■ Activity ■
The following data is to be repeated exactly, its pictures excluded.
<<<<
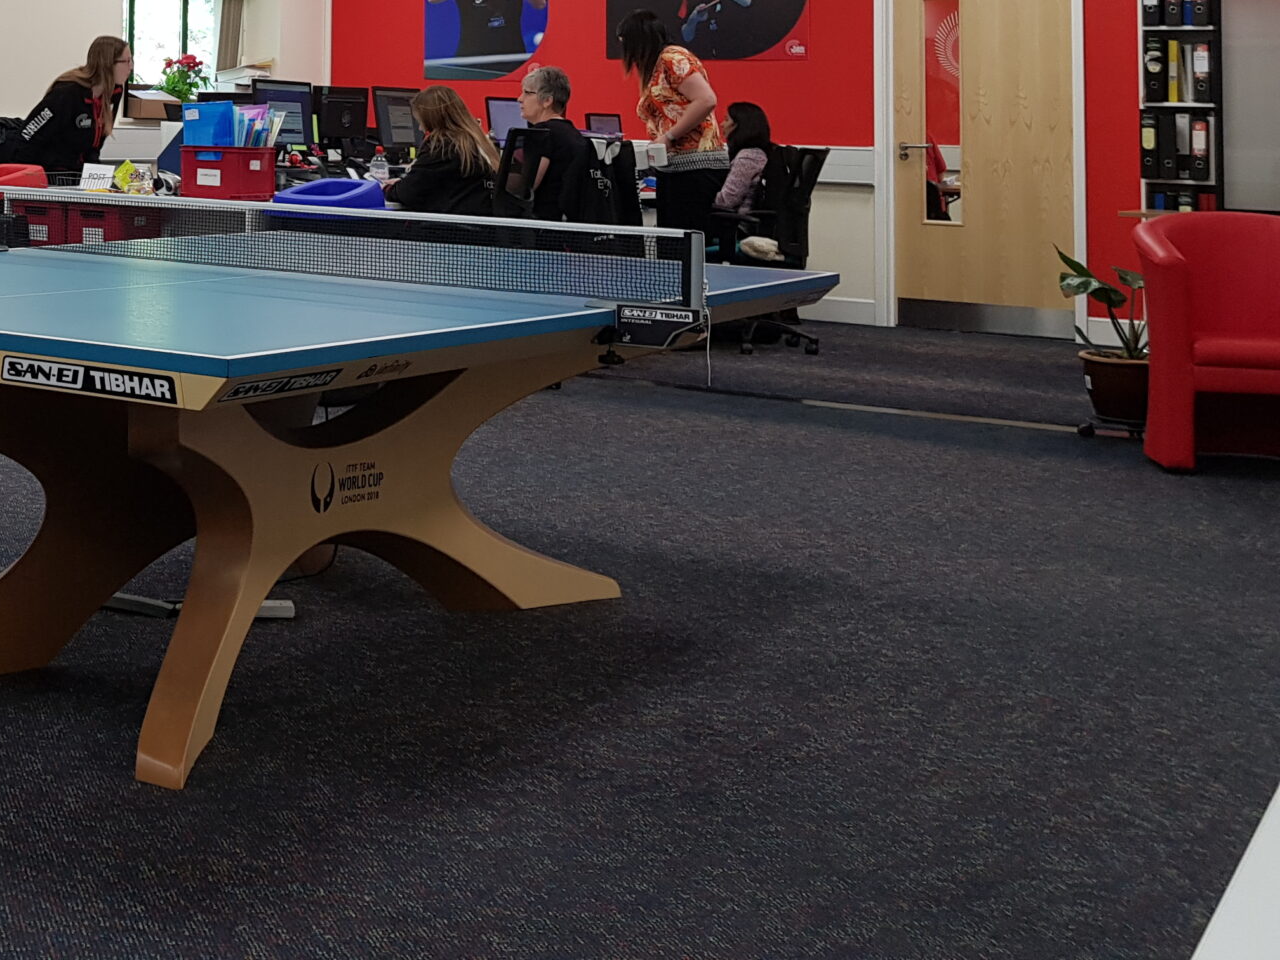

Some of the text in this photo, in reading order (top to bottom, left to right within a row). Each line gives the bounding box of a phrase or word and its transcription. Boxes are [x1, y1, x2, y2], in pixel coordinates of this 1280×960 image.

[660, 312, 690, 321] TIBHAR
[7, 361, 171, 400] SAN-EI TIBHAR
[284, 371, 334, 390] TIBHAR
[345, 461, 376, 473] ITTF TEAM
[338, 472, 384, 492] WORLD CUP
[341, 493, 366, 505] LONDON
>>>>
■ Task response ■
Some of the text in this photo, in reading order (top to bottom, left to right within a row). Each line gives the bounding box of a phrase or word and its transcription. Boxes are [x1, y1, x2, y2], in pixel coordinates of this 1280×960 image.

[660, 312, 690, 321] TIBHAR
[7, 361, 171, 400] SAN-EI TIBHAR
[284, 371, 334, 390] TIBHAR
[345, 461, 376, 473] ITTF TEAM
[338, 472, 384, 492] WORLD CUP
[341, 493, 366, 505] LONDON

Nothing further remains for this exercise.